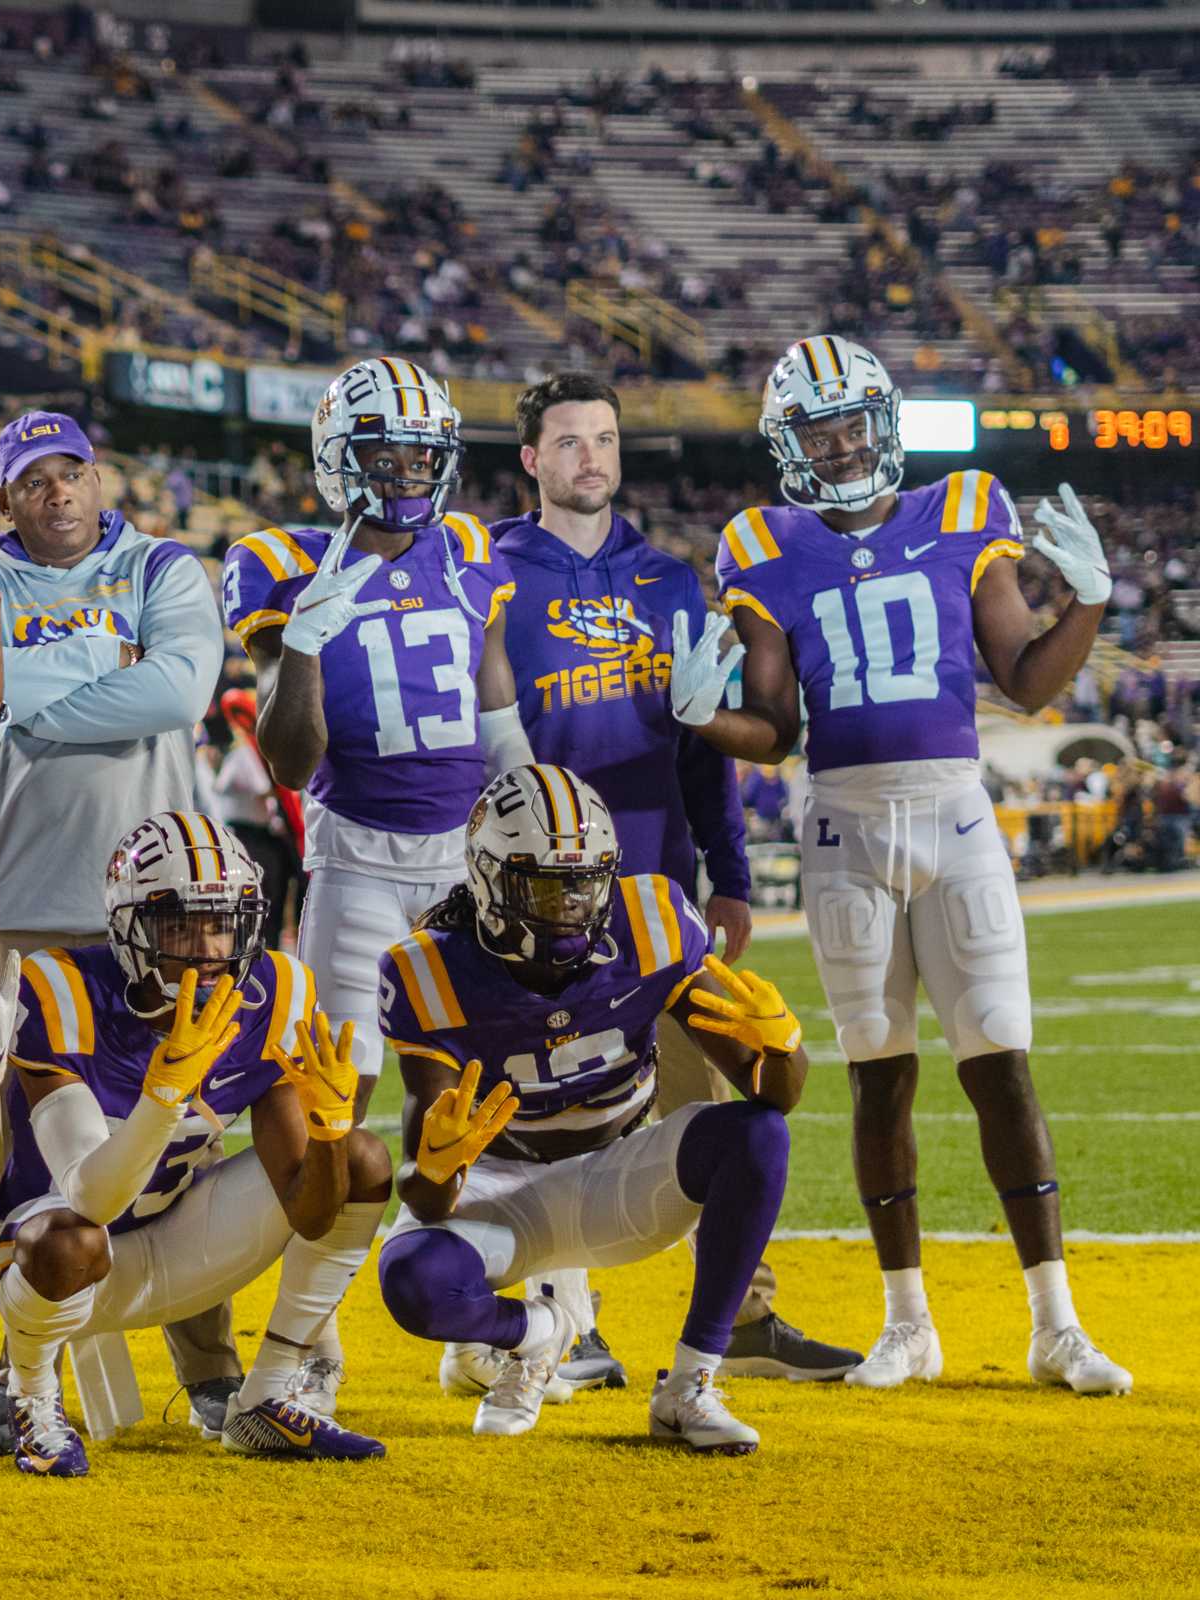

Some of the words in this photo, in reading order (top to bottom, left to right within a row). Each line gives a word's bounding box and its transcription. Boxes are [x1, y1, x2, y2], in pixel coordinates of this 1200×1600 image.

[21, 423, 61, 443] LSU
[403, 419, 428, 429] LSU
[391, 596, 424, 611] LSU
[811, 571, 942, 711] 10
[356, 607, 477, 758] 13
[534, 653, 673, 714] TIGERS
[817, 818, 841, 848] L
[547, 1010, 571, 1029] SEC
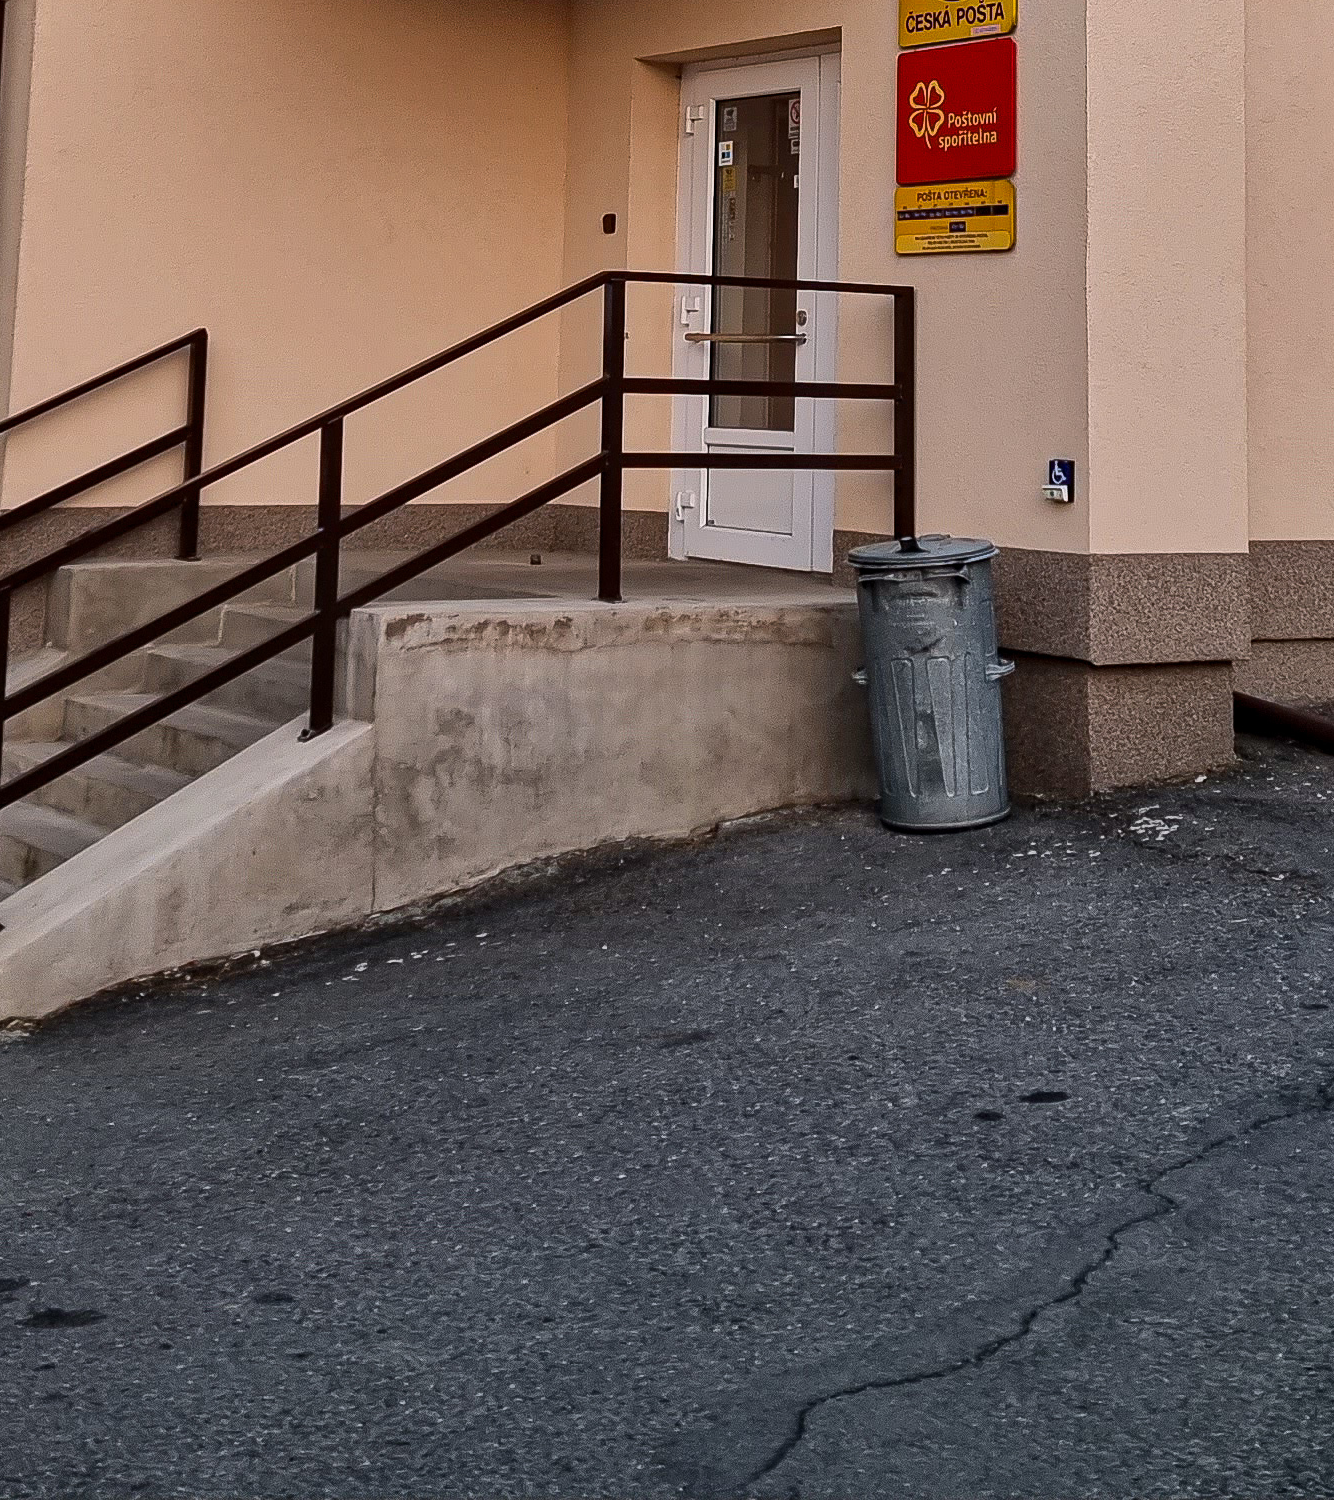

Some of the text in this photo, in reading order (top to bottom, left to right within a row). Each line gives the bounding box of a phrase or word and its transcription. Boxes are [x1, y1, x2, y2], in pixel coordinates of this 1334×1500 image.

[905, 0, 1004, 33] ČESKÁ POŠTA
[948, 107, 997, 128] Poštovní
[938, 128, 997, 151] spořitelna
[916, 189, 941, 202] POŠTA
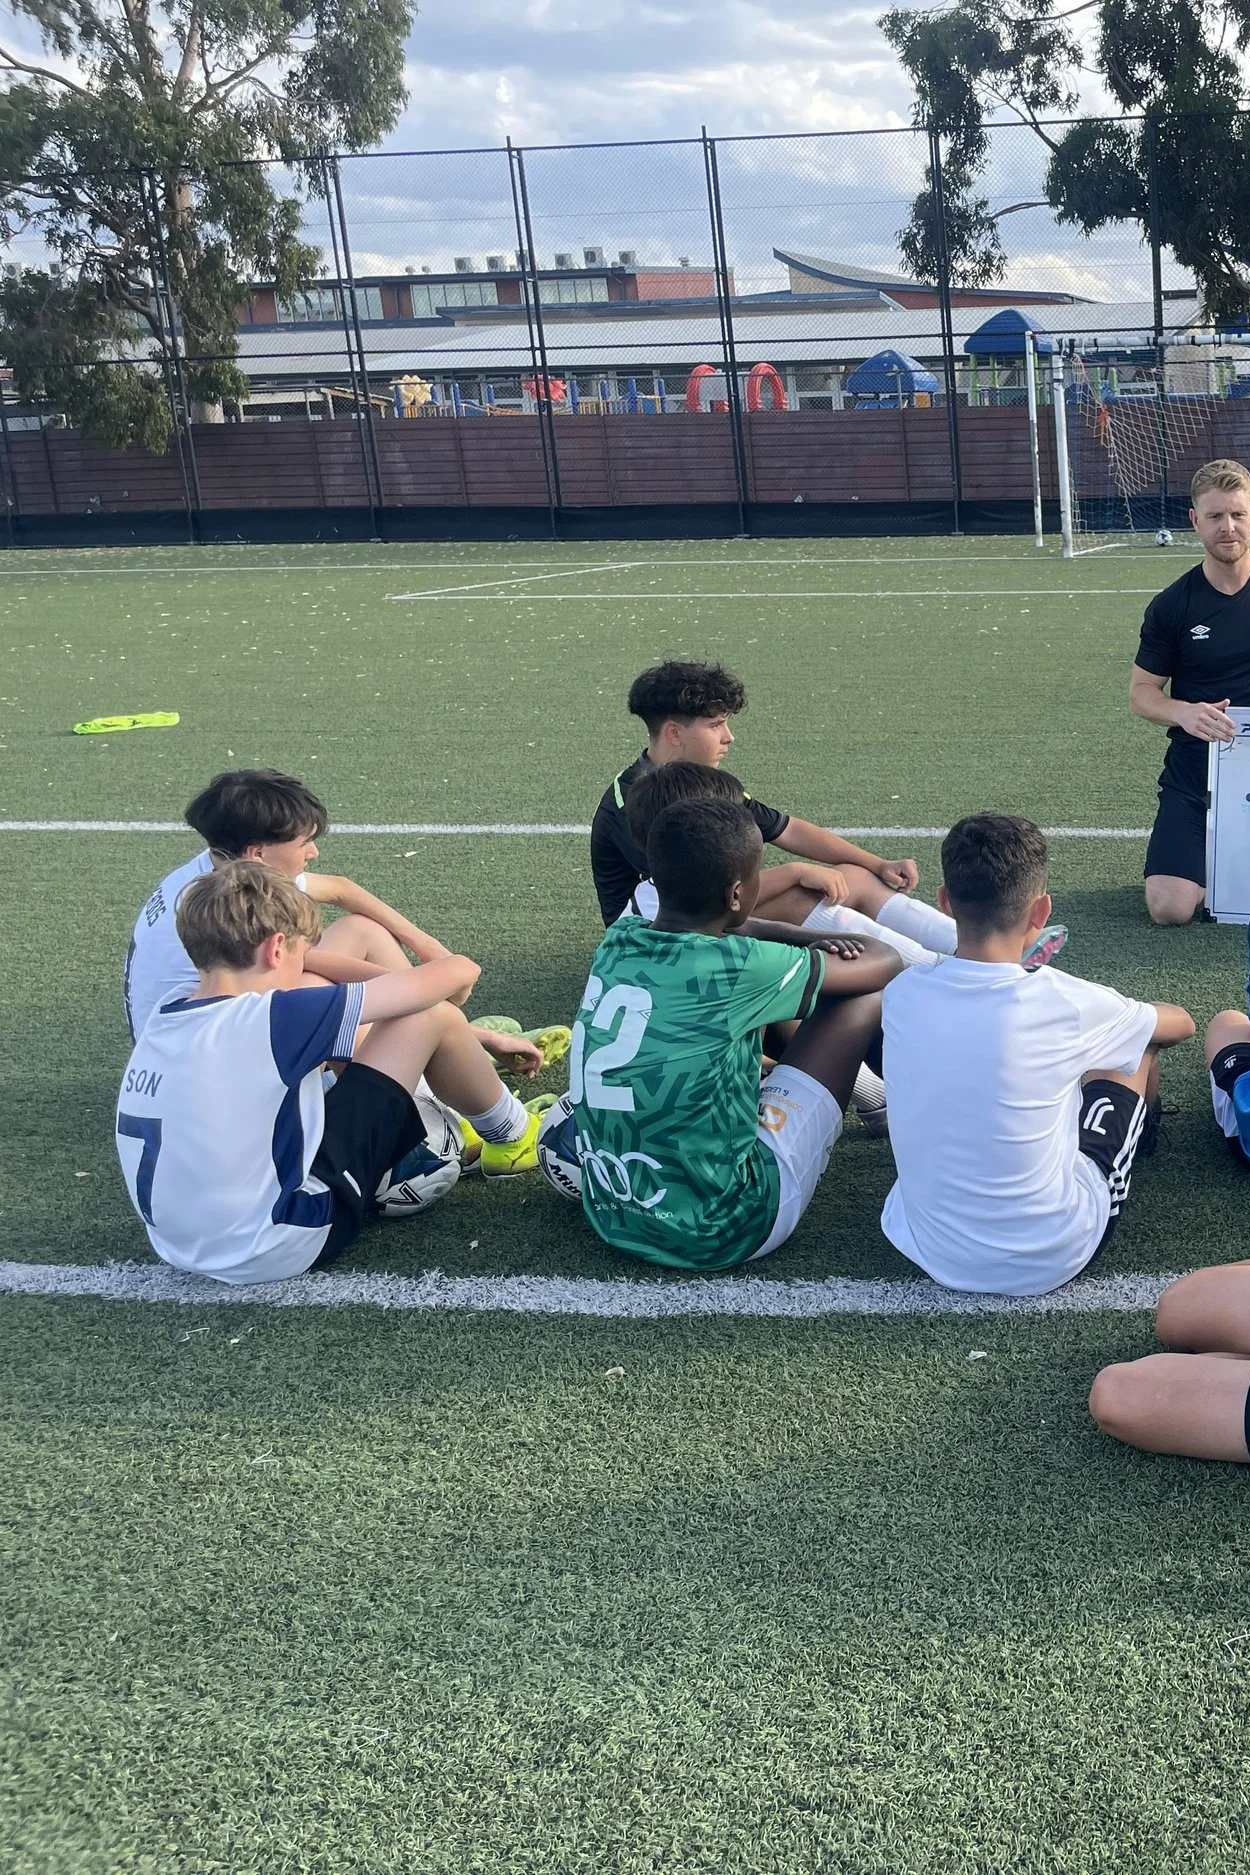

※ ※ ※

--- Exercise objective ---
Exactly as written, copy out the listing, but without any pictures.

--- Final answer ---
Some of the words in this photo, in reading order (top to bottom, left to right within a row). Each line gives a word's bounding box and its transcription. Boxes are [x1, y1, x2, y2], in pixel coordinates of this 1200×1600 image.

[21, 423, 61, 443] LSU
[403, 419, 428, 429] LSU
[391, 596, 424, 611] LSU
[811, 571, 942, 711] 10
[356, 607, 477, 758] 13
[534, 653, 673, 714] TIGERS
[817, 818, 841, 848] L
[547, 1010, 571, 1029] SEC

Some of the text in this photo, in reading order (top to bottom, left to right within a row). Each line gives the bounding box of a phrase or word and its transcription. Boxes are [x1, y1, x2, y2], in pixel coordinates of this 1334×1500 image.

[905, 0, 1004, 33] ČESKÁ POŠTA
[948, 107, 997, 128] Poštovní
[938, 128, 997, 151] spořitelna
[916, 189, 941, 202] POŠTA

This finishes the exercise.